Students in higher education today have an array of choices when it comes to selecting the university provides the best fit for their needs.
Ivy League schools and the Big 10 always have a waiting list of hopeful admission candidates. Their iconic brands are legendary, characterized by academic excellence, elitism, and selectivity.
State universities and private colleges competing for the same students have to build a brand to attract their students. The question is, “How can universities build their brands?”
The marketing strategy that works
Colleges and universities can no longer exist as separate ivory towers that wait for hopeful students to tap at the admissions door.
Smart universities have discovered their focus, and they promote that niche at every opportunity. Purdue University has the OWL Writing Lab, and Dartmouth University offers education leadership advice. MIT provides open courseware – free classes that anyone can take. These schools deliver complementary services, and the quality of information piques the interest of prospective students.
Providing useful content is a typical business to business (B2B) strategy designed to convert prospective clients into customers. Universities can do the same thing by curating content that helps prospective candidates take the next step in enrolling.

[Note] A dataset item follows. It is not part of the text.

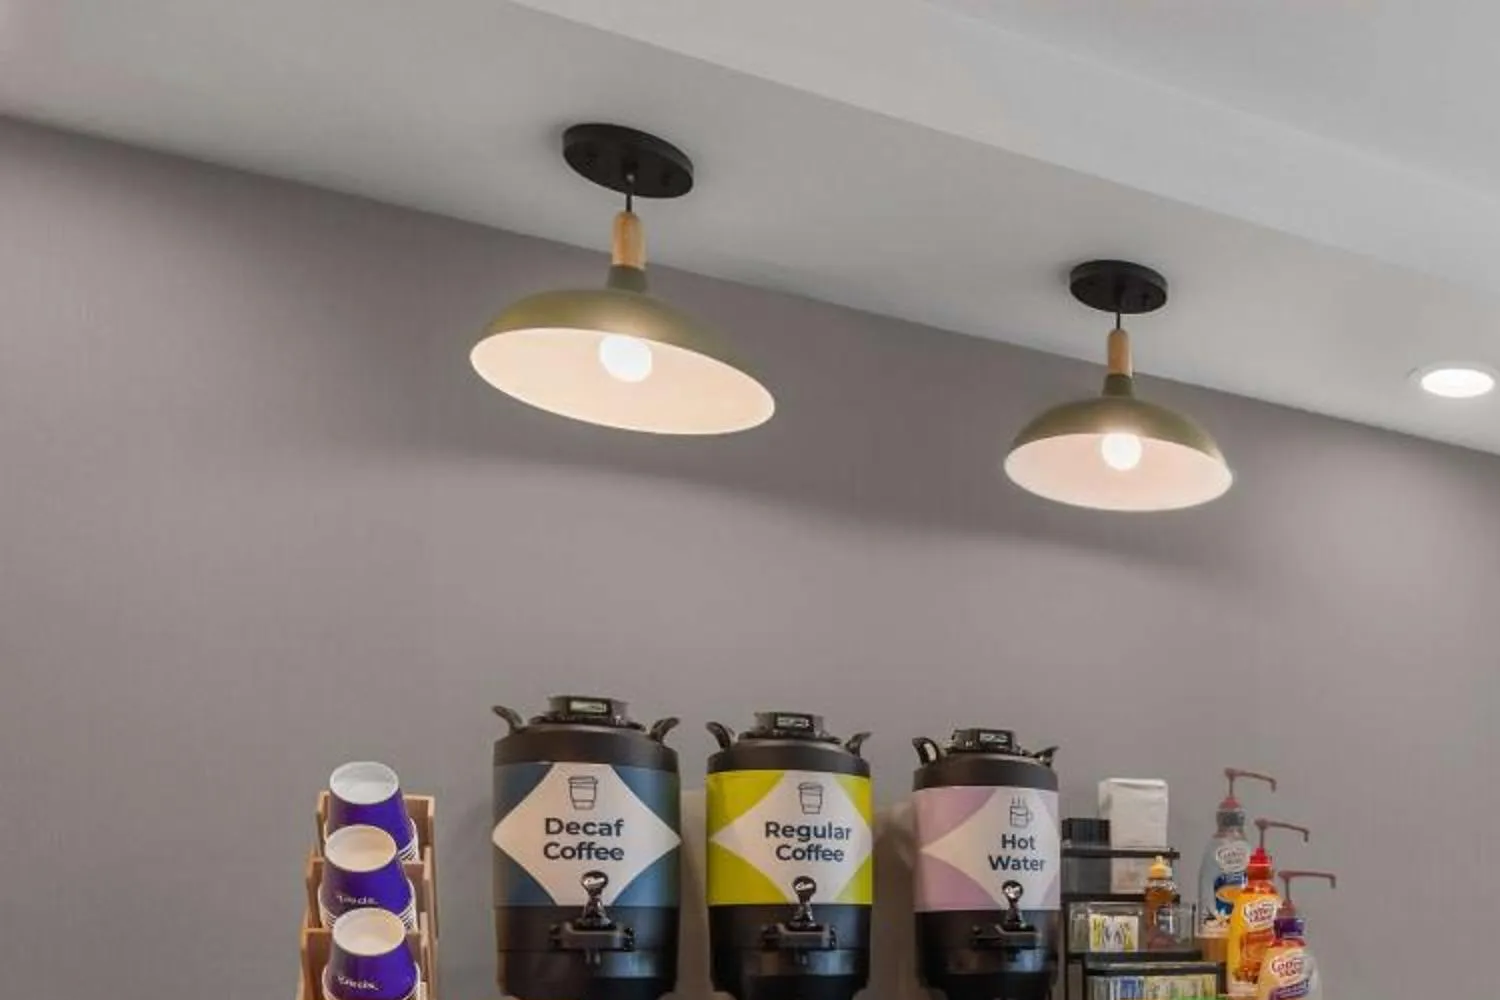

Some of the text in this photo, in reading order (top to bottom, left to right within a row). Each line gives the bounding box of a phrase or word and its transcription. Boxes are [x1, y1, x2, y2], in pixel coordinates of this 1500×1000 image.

Take advantage of cross-platform marketing
Decades ago, all of the marketing materials for higher education were printed. Bound undergraduate and graduate catalogs described courses and outlined degree plans. Glossy pictures portrayed idyllic campus life.
Today’s marketing, however, exists in several formats and across many platforms, including a website, video channel, and social media sharing tools.
Universities that develop a consistent and easily recognized brand, complete with consistent colors and stylized logos, are on their way to building a universally recognized names.
Be the brand
A brand is more than an attractive logo or clever videos.
Authentic branding takes place when the brand permeates the job of everyone on campus. If your university values stewardship, then your work should demonstrate stewardship at every level, whether you are teaching or conducting research.
Marketing and branding exist in a vacuum if the college leadership and faculty do not get behind the brand. The school’s mission must be something that every employee can articulate and model in every interaction they have with the public.
These three brand-building strategies aren’t the only way to build a college name, but they can get universities started on the right path to creating a consistent definition of their role in higher education.